The court did not err in refusing to allow the defendant to show by the witness Lowery that the defendant secured the witness to go and telephone the sheriff and notify him of the location of the still. This would have been a self-serving declaration on the part of defendant, and as such was not admissible. The cases cited by appellant are not in point. The same is true as to other testimony offered, to the same effect as above. The issue here was: Did the defendant manufacture liquor? And evidence as to what he said and did after the offense was committed was irrelevant, unless they should be as to acts or declarations against interest. In the cases cited by appellant the evidence was permitted to go to the jury in explanation of defendant's acts, which, unexplained, would have been circumstances to be weighed against him, and therefore in those cases the testimony was relevant.

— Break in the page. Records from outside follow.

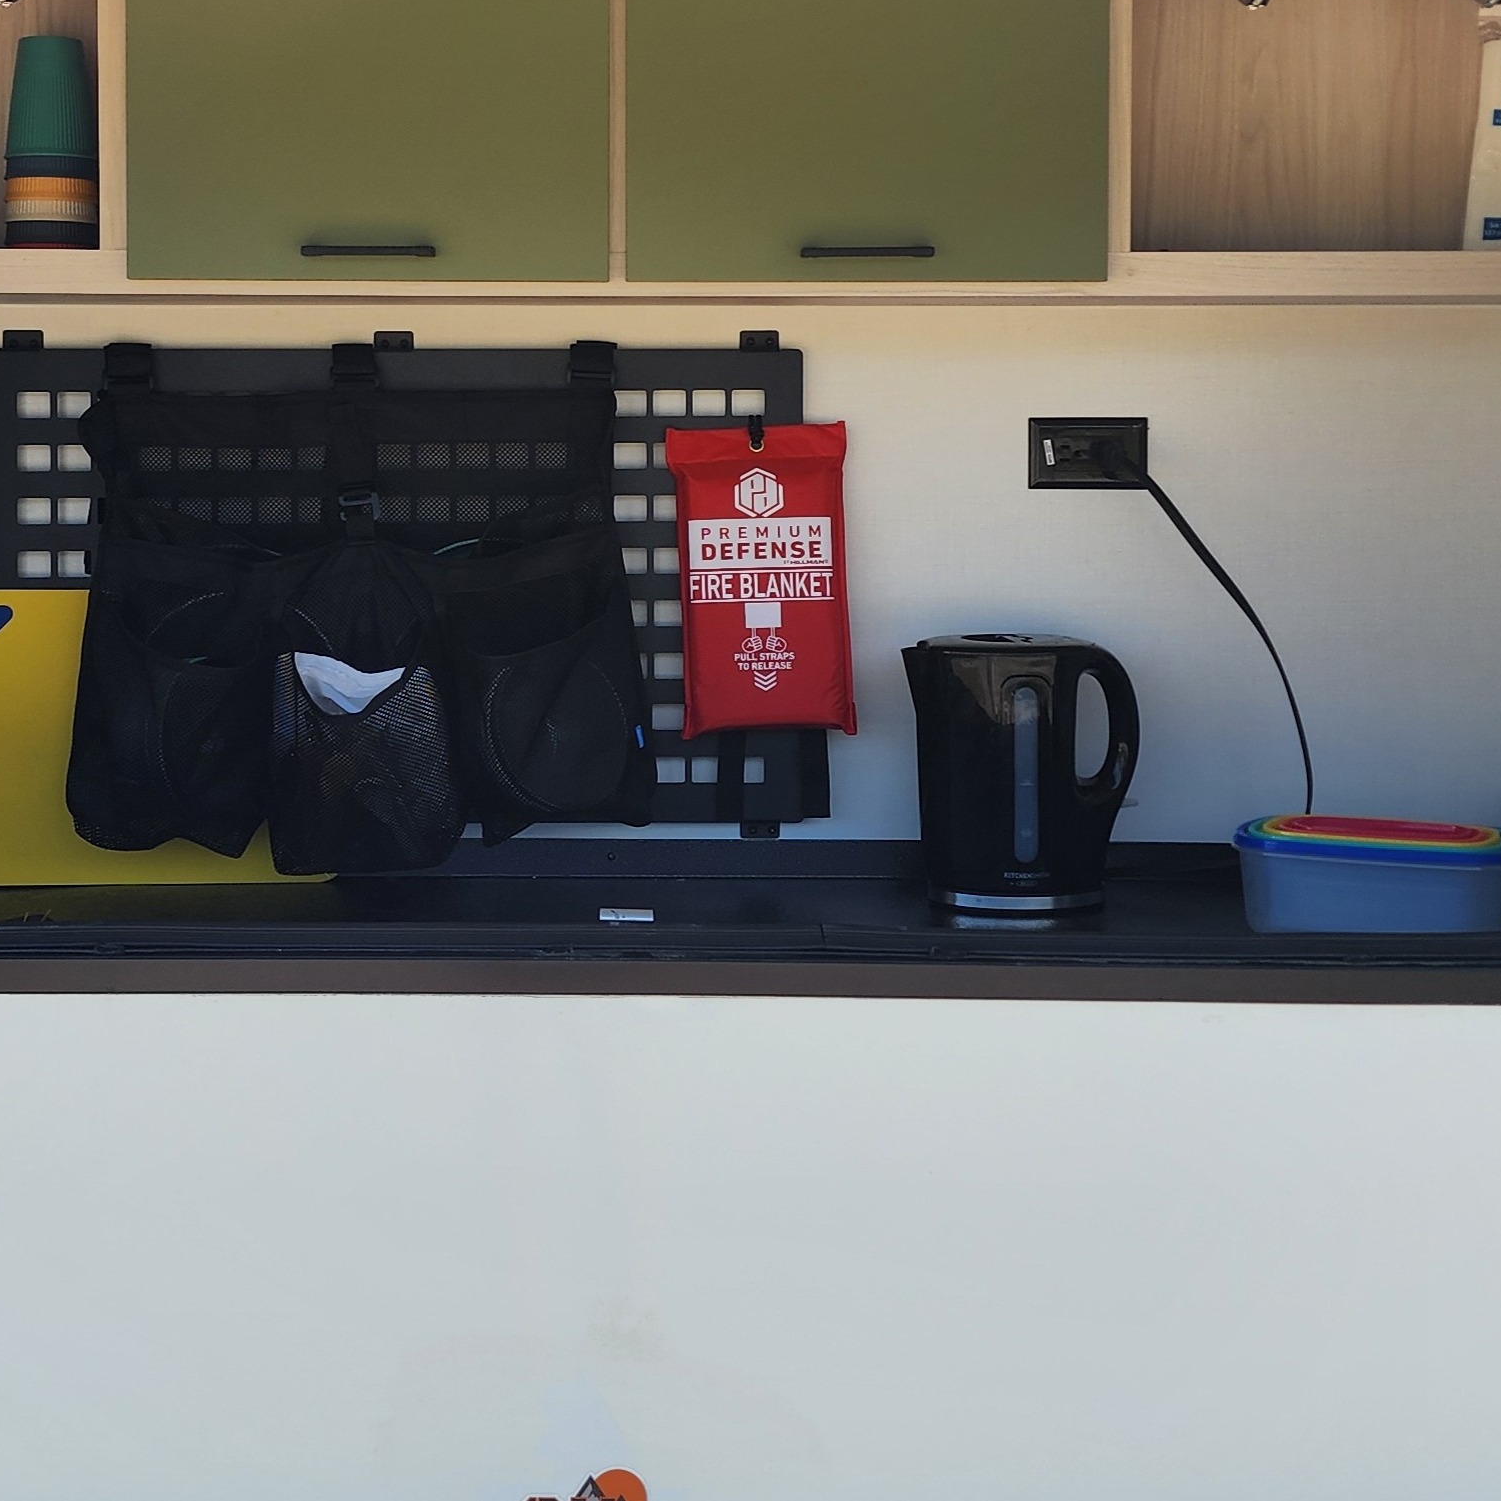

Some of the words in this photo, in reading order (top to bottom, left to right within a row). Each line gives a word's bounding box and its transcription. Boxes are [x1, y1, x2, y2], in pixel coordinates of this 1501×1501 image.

[701, 525, 821, 540] PREMIUM
[701, 541, 822, 560] DEFENSE
[690, 574, 733, 599] FIRE
[740, 572, 833, 598] BLANKET
[734, 653, 758, 662] PULL
[759, 652, 795, 661] STRAPS
[737, 662, 750, 671] TO
[751, 661, 793, 671] RELEASE
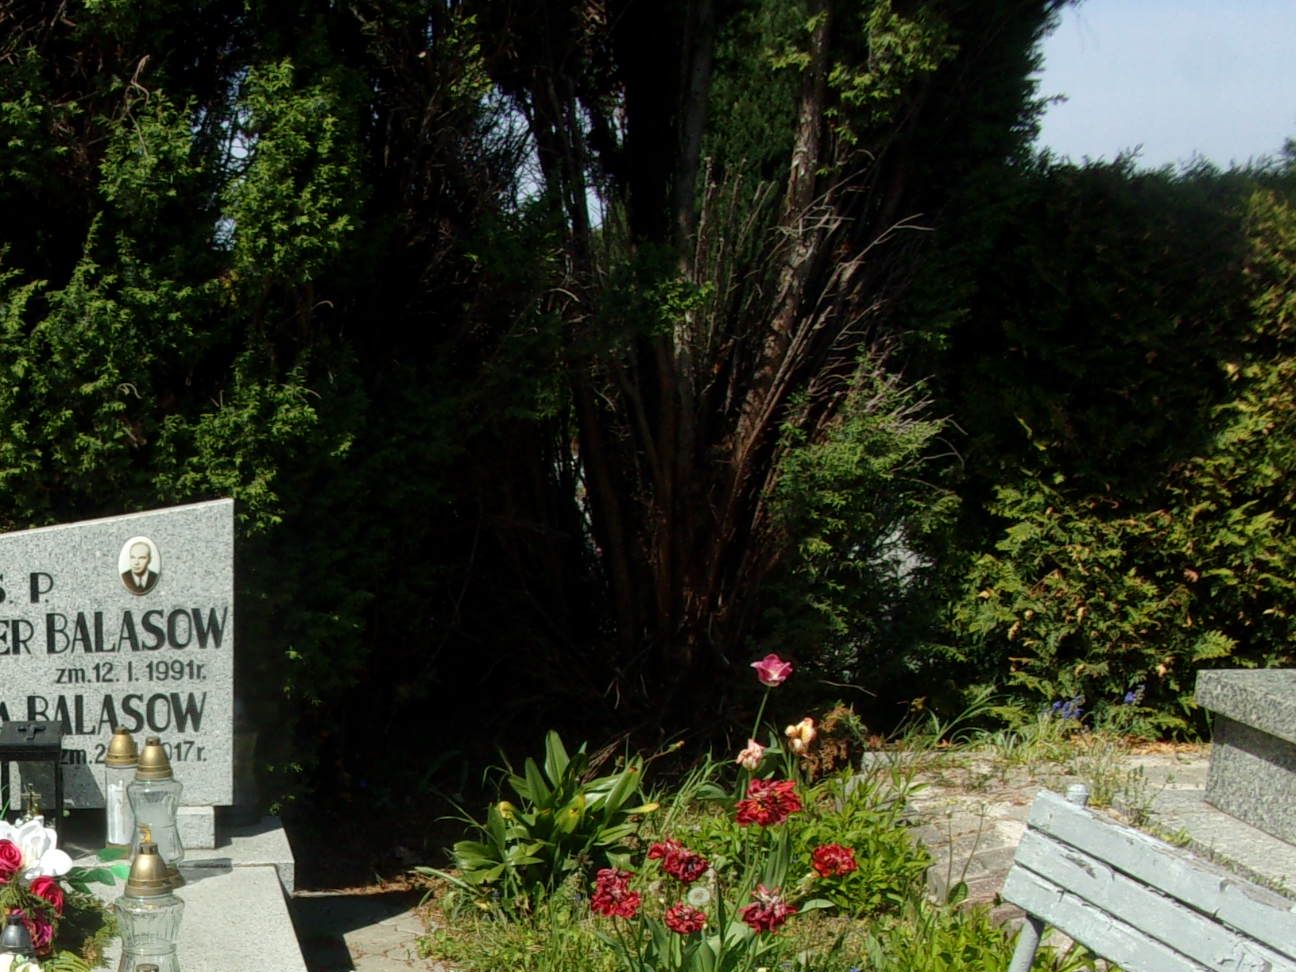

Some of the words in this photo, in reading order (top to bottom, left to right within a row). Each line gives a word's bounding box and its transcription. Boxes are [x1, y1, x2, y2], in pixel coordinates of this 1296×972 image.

[46, 606, 229, 655] BALASOW
[146, 659, 207, 682] 1991r.
[27, 691, 207, 736] BALASOW
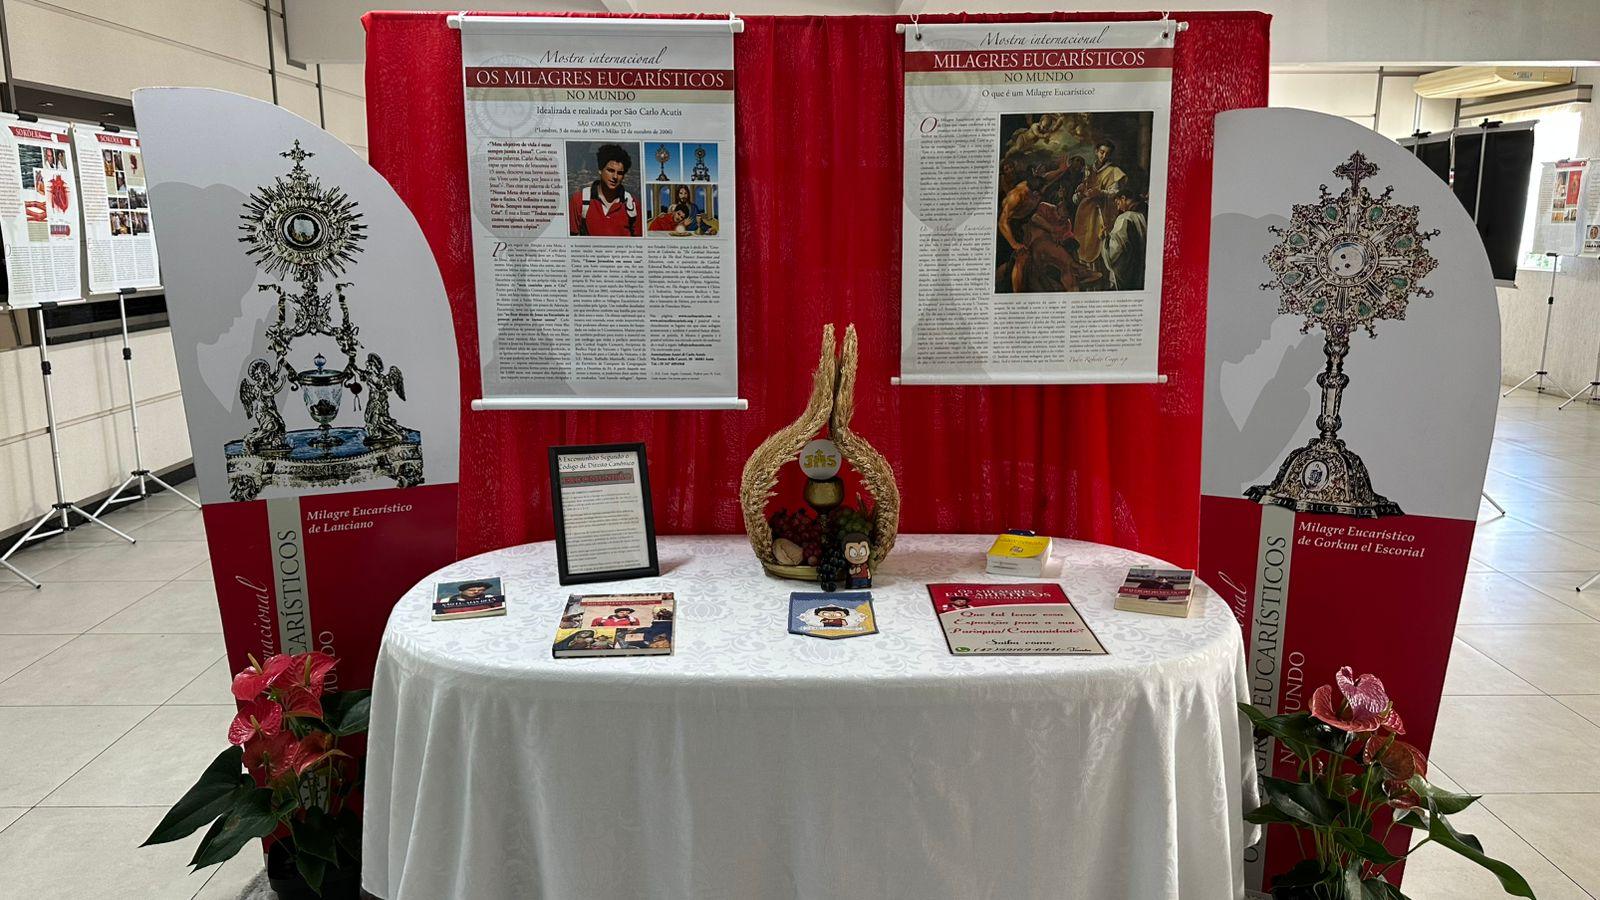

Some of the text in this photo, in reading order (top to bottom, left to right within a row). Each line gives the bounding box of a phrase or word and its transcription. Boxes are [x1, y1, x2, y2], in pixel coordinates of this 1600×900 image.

[980, 26, 1110, 47] Mostra internacional
[540, 46, 667, 64] Mostra internacional
[934, 49, 1145, 69] MILAGRES EUCARÍSTICOS
[476, 68, 724, 88] OS MILAGRES EUCARÍSTICOS
[1004, 71, 1074, 83] NO MUNDO
[566, 90, 636, 101] NO MUNDO
[982, 90, 990, 98] O
[991, 91, 1004, 100] que
[1026, 88, 1052, 99] Milagre
[1054, 87, 1096, 96] Eucarístico?
[536, 106, 571, 115] Idealizada
[578, 106, 608, 115] realizada
[610, 109, 622, 118] por
[624, 108, 637, 116] São
[639, 108, 659, 116] Carlo
[660, 108, 682, 116] Acutis
[306, 502, 412, 522] Milagre Eucarístico
[308, 520, 374, 534] de Lanciano
[1298, 522, 1415, 542] Milagre Eucarístico
[1298, 537, 1425, 558] de Gorkun el Escorial
[277, 530, 308, 655] CARÍSTICOS
[960, 610, 985, 618] Que
[1253, 536, 1287, 710] EUCARÍSTICOS
[1284, 651, 1305, 713] UNDO

The fact that Henry Lowery was in the woods with defendant the evening before the raid was immaterial and irrelevant, and had no tendency to prove an alibi. The fact that defendant's white felt hat was found by the officers at or near the still would tend to show that defendant had been at the still at some time prior to the time the officers came, but at what time is not shown, and the statement that Henry Lowery had been with defendant in the evening over there in the woods watching the still, and was there at the time the raid was made, was entirely too indefinite as to time, as tending to prove an alibi for defendant in this case.

We find no error in the record, and the judgment is affirmed.

Affirmed.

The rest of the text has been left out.